Tandis que le débat reste ainsi très ouvert sur les causes profondes des inégalités, les gouvernements sont aujourd’hui devenus curieusement presque unanimes : « Il faut d’urgence réduire les inégalités, tant internationales qu’internes. » « Sans oublier les inégalités avec les générations à venir », ajoute-t-on désormais. Les organisations internationales leur emboîtent naturellement le pas. Dès 2014, deux rapports, du FMI et de l’OCDE 4 , soulignaient que les inégalités croissantes de revenus devaient être réduites car elles finissent par entraver la sacro-sainte « croissance ». Si tous les gouvernements et la plupart de leurs experts, de la Chine aux États-Unis en passant par le Brésil et l’Europe, admettent désormais qu’il faut réduire les inégalités et promouvoir des croissances plus « inclusives », on ne peut que s’en réjouir.
Prenons-en acte et tournons-nous vers les trente ans qui viennent, dont on commence à être averti qu’ils vont être cruciaux pour le sort de l’humanité d’ici à la fin du siècle. Ensuite l’humanité, dotée de techniques aujourd’hui insoupçonnables, entrera dans la seconde grande révolution anthropologique de son histoire, après celle de la sédentarisation des groupes de chasseurs-cueilleurs il y a environ six mille ans : la décroissance démographique. Tout va changer alors. En attendant cette révolution, nous avons à régler de sérieuses questions d’inégalités économiques entre contemporains. Or, au-delà du consensus de façade sur la nécessité de réduire les inégalités, le débat reste pour le moins confus sur celles qu’il faudrait traiter en priorité et a fortiori sur la manière de s’y prendre.

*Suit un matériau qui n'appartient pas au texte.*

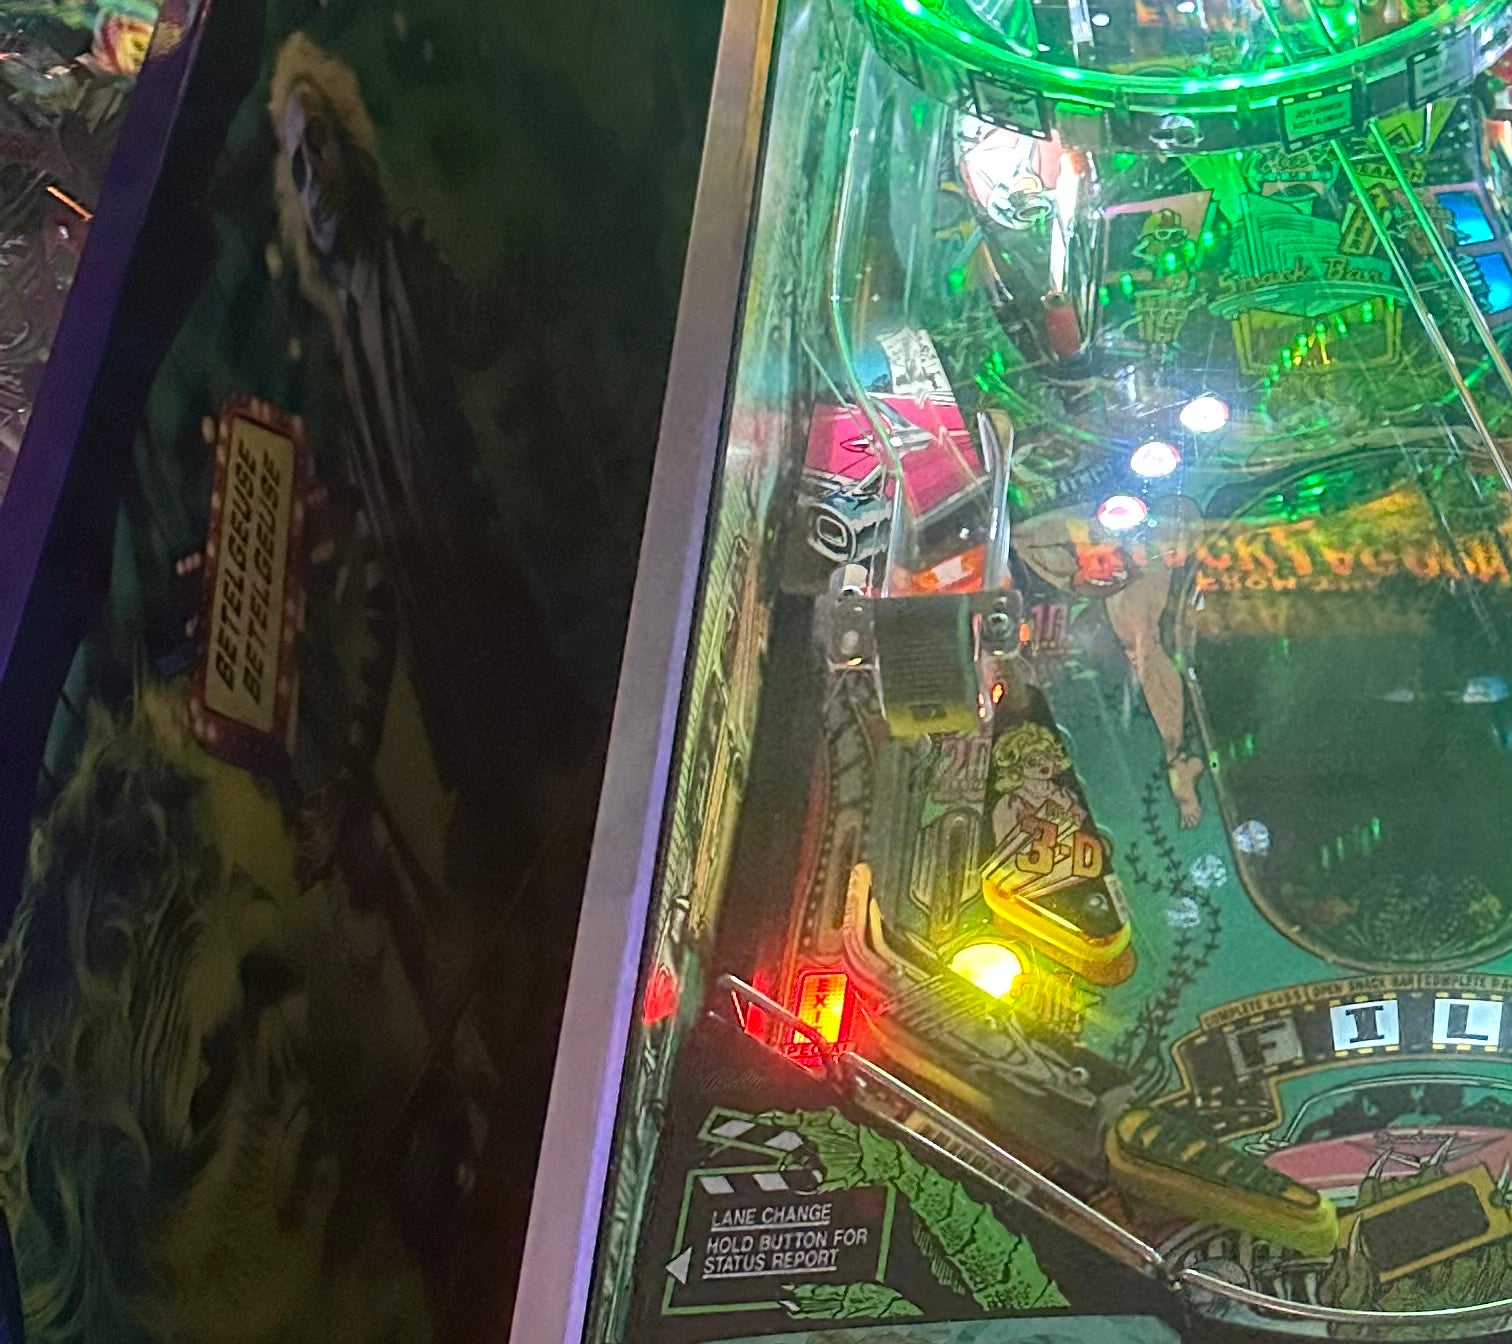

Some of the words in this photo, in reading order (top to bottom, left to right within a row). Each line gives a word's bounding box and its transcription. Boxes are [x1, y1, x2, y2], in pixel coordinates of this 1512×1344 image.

[215, 438, 258, 693] BETELGEUSE
[243, 449, 281, 706] BETELGEUSE
[1015, 813, 1104, 880] 3-D
[711, 1208, 758, 1227] LANE
[761, 1203, 833, 1224] CHANGE
[703, 1254, 767, 1274] STATUS
[770, 1248, 840, 1270] REPORT
[706, 1234, 755, 1255] HOLD
[758, 1231, 828, 1251] BUTTON
[832, 1227, 868, 1246] FOR

Intervenant dans ce débat, cet essai désigne les inégalités prioritaires. Il analyse leur avenir si l’on ne fait rien et préconise des moyens de les réduire. Il entend montrer comment notre rapport à la nature, la globalisation des firmes et l’instabilité financière, non seulement creusent les inégalités de revenus, ce dont aujourd’hui tout le monde ou presque convient, mais engendrent aussi un nombre croissant d’« hommes inutiles ». Ajoutons que les globalisations, des firmes et financières, provoquent l’errance des conflits économiques sur le partage des revenus. Ces conflits sont de moins en moins directs, en raison de la mobilité des emplois « nomades » que les firmes globales localisent où bon leur semble. Ils sont de plus en plus dispersés par la finance de marché et l’endettement public et privé et se règlent dans les récessions qui suivent les krachs. L’errance des conflits économiques est dangereuse, car elle pave la voie à d’autres conflits – identitaires, religieux, ethniques – qui renforcent les verrous des trappes d’inutilité et qui, organisés désormais par des partis politiques, menacent la paix civile. Il faut donc juger les politiques économiques d’abord et avant tout à leur capacité d’ouvrir ces trappes et de les vider de leurs hommes inutiles.

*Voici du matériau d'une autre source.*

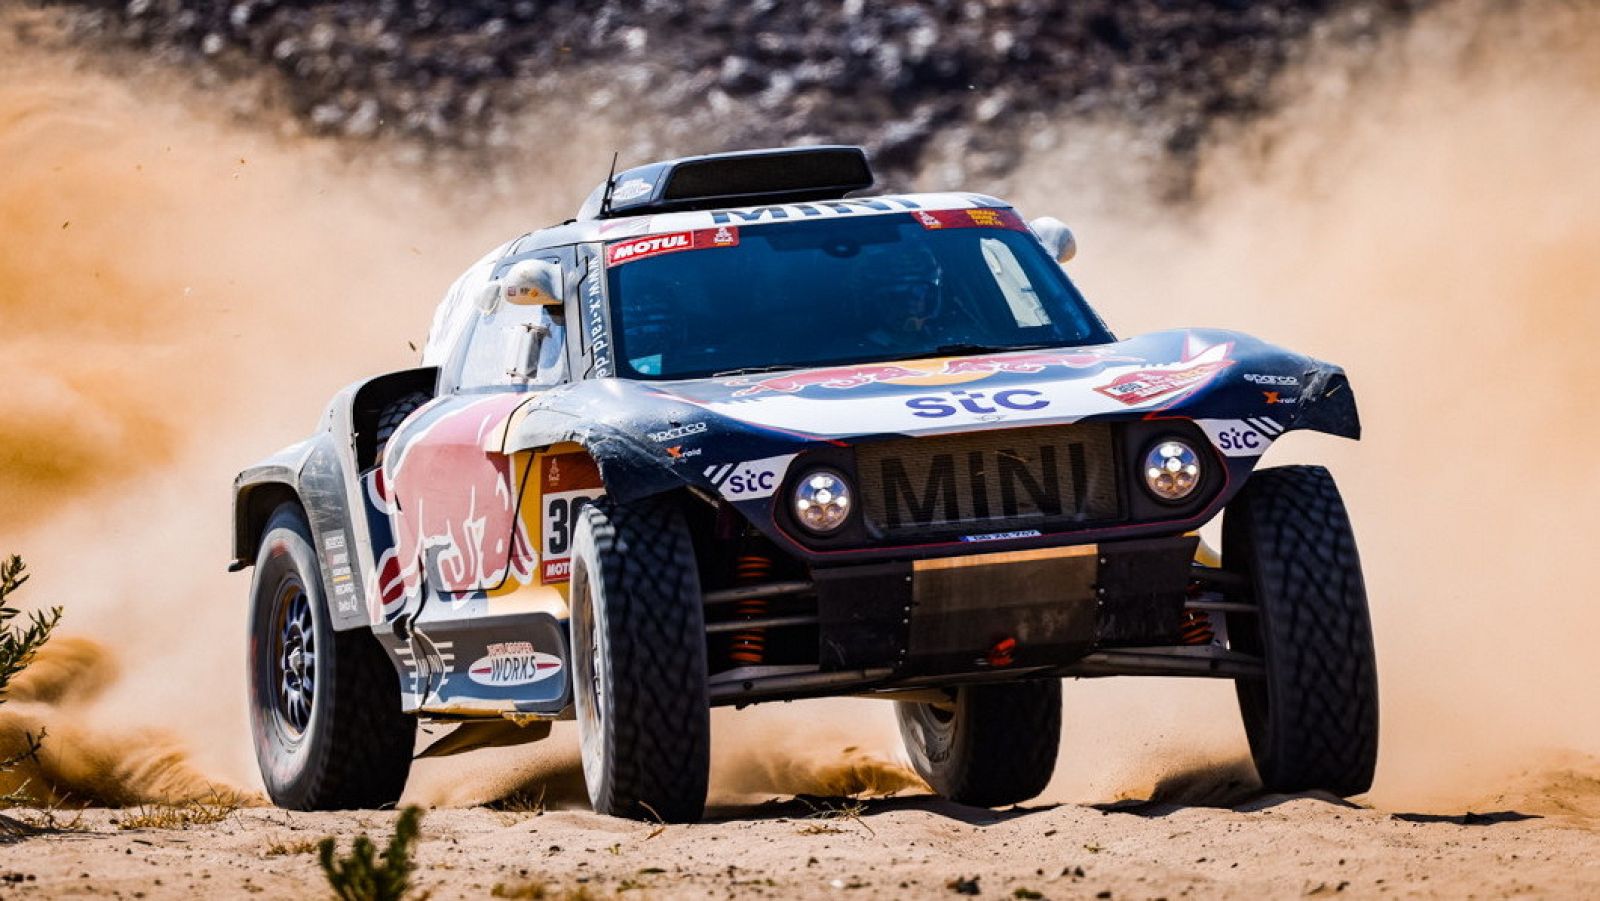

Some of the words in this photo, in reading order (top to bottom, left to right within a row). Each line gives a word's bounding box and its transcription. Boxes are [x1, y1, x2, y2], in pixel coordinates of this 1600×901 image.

[614, 235, 688, 259] MOTUL
[905, 390, 1050, 418] stc
[1219, 427, 1259, 449] stc
[729, 469, 775, 493] stc
[881, 443, 1088, 529] MINI
[491, 655, 536, 681] WORKS

Dans ce livre, nous progresserons en trois temps. Il s’agit d’abord de répondre à la question : « Que voulons-nous ? » C’est un temps purement politique, celui du choix d’un objectif collectif. L’objectif que je propose est simple à formuler : éradiquer l’inutilité, partout où elle se trouve. Autrement dit, faire en sorte que les systèmes économiques et étatiques permettent à chacun de vivre décemment d’une activité économique ou sociale où il se sente et soit objectivement utile aux autres et à lui-même. Le premier chapitre donne une définition économique de l’ inutilité et développe les raisons du choix de cet objectif. Il précise pourquoi l’inutilité est une forme d’inégalité particulièrement grave et politiquement dangereuse, puisqu’elle menace la paix civile. Il justifie ainsi sa priorité dans un programme économique qui se veut « minimum » et devrait donc recueillir, a priori , une vaste approbation collective, au moins parmi ceux qui veulent la paix civile.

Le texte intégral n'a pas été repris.